- EXERCISE: An exact copy of the data is required. No picture may appear in it.

•••••

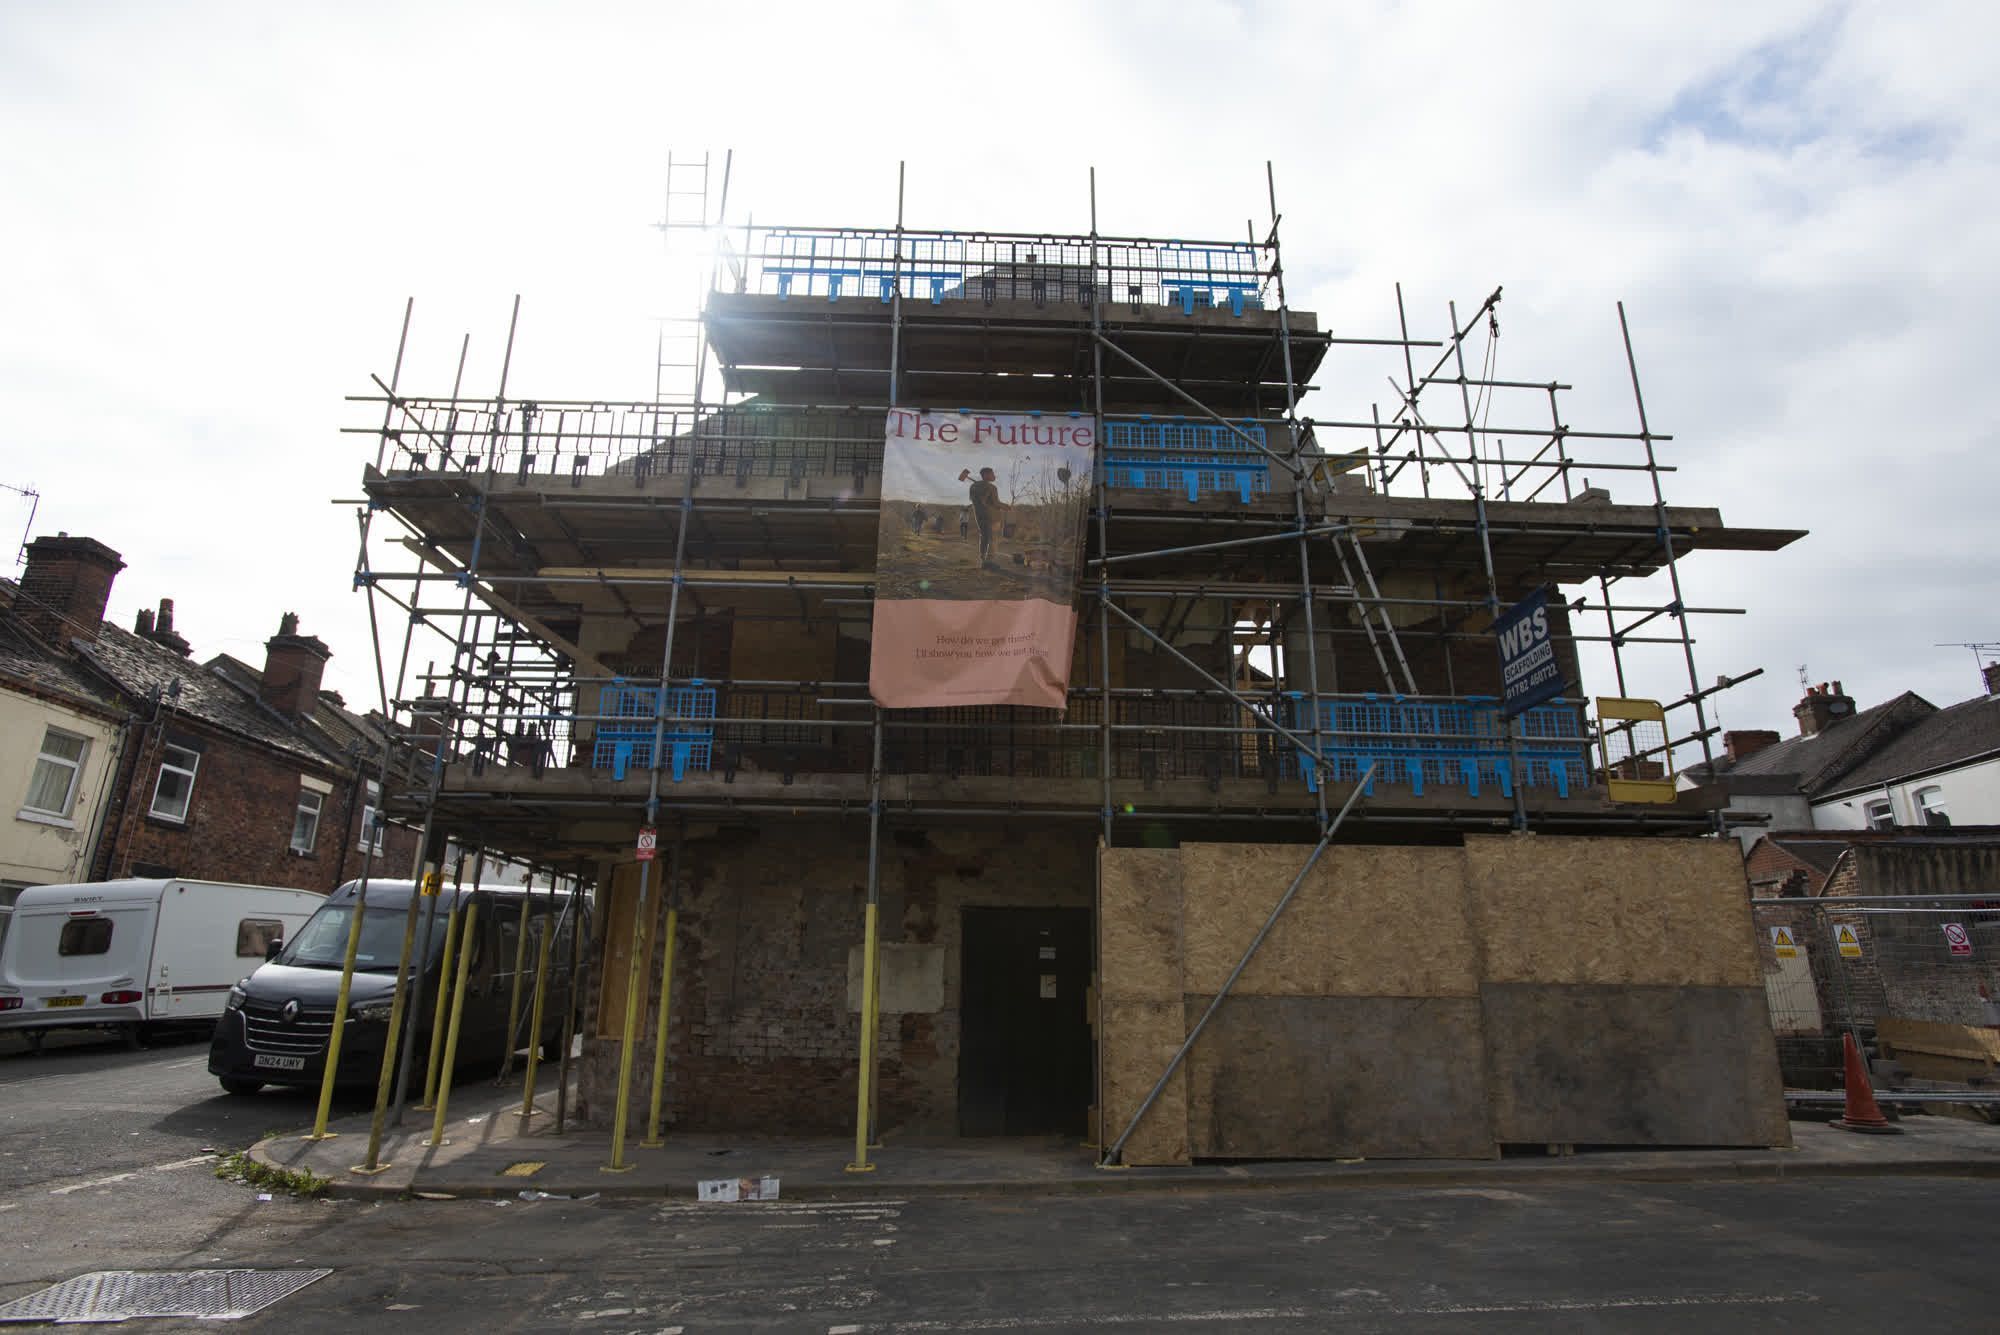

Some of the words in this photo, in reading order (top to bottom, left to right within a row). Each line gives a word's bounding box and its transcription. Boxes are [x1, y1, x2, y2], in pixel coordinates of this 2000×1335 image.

[891, 410, 959, 443] The
[972, 416, 1093, 447] Future
[936, 634, 960, 645] How
[961, 633, 974, 645] do
[975, 637, 990, 645] we
[1499, 606, 1548, 661] WBS
[928, 647, 953, 657] show
[954, 648, 972, 660] you
[1505, 643, 1552, 681] SCAFFOLDING
[1506, 679, 1530, 700] 01782
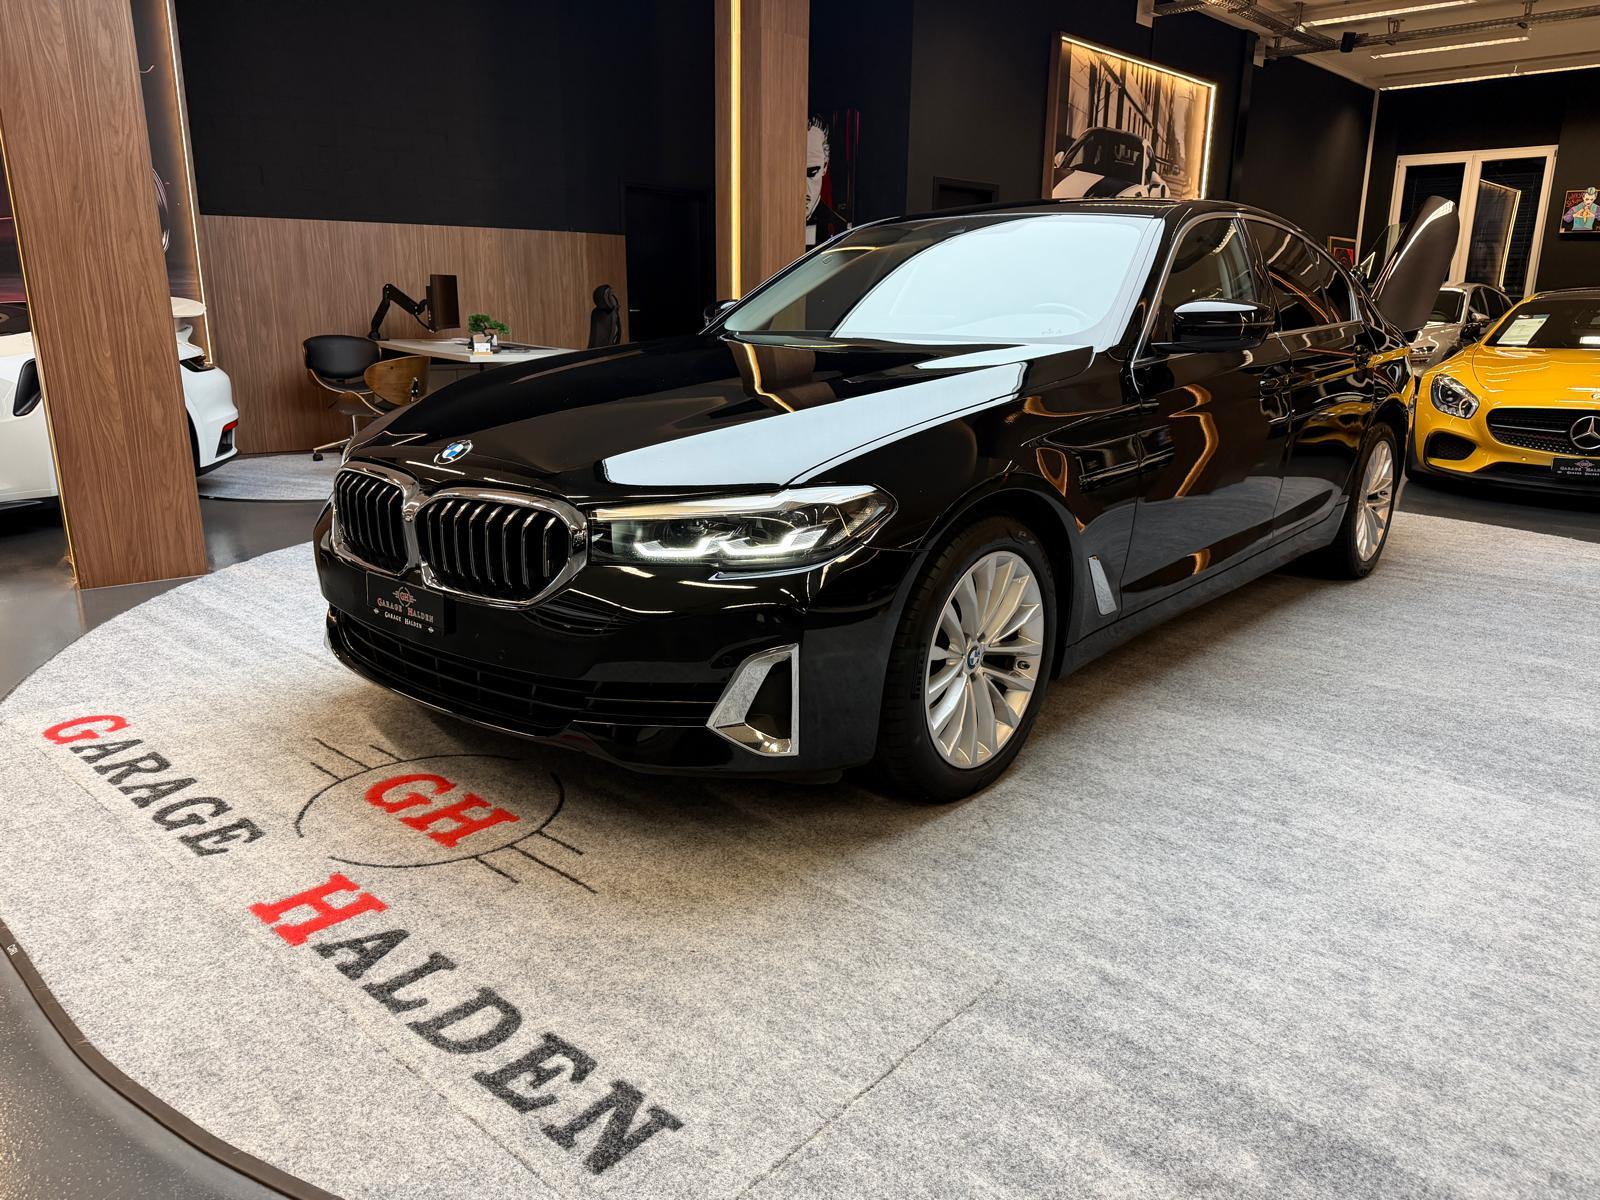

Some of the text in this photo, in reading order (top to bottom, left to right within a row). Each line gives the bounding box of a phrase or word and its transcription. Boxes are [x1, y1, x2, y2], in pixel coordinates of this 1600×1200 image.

[377, 597, 433, 622] GARAGE HALDEN
[364, 772, 519, 848] GH
[43, 714, 684, 1175] GARAGE HALDEN

•••••

- PROBLEM SOLUTION:
Some of the words in this photo, in reading order (top to bottom, left to right within a row). Each line gives a word's bounding box and its transcription. Boxes are [x1, y1, x2, y2], in pixel coordinates of this 2000×1335 image.

[891, 410, 959, 443] The
[972, 416, 1093, 447] Future
[936, 634, 960, 645] How
[961, 633, 974, 645] do
[975, 637, 990, 645] we
[1499, 606, 1548, 661] WBS
[928, 647, 953, 657] show
[954, 648, 972, 660] you
[1505, 643, 1552, 681] SCAFFOLDING
[1506, 679, 1530, 700] 01782

Some of the text in this photo, in reading order (top to bottom, left to right within a row). Each line gives the bounding box of a phrase or word and its transcription. Boxes are [x1, y1, x2, y2], in pixel coordinates of this 1600×1200 image.

[377, 597, 433, 622] GARAGE HALDEN
[364, 772, 519, 848] GH
[43, 714, 684, 1175] GARAGE HALDEN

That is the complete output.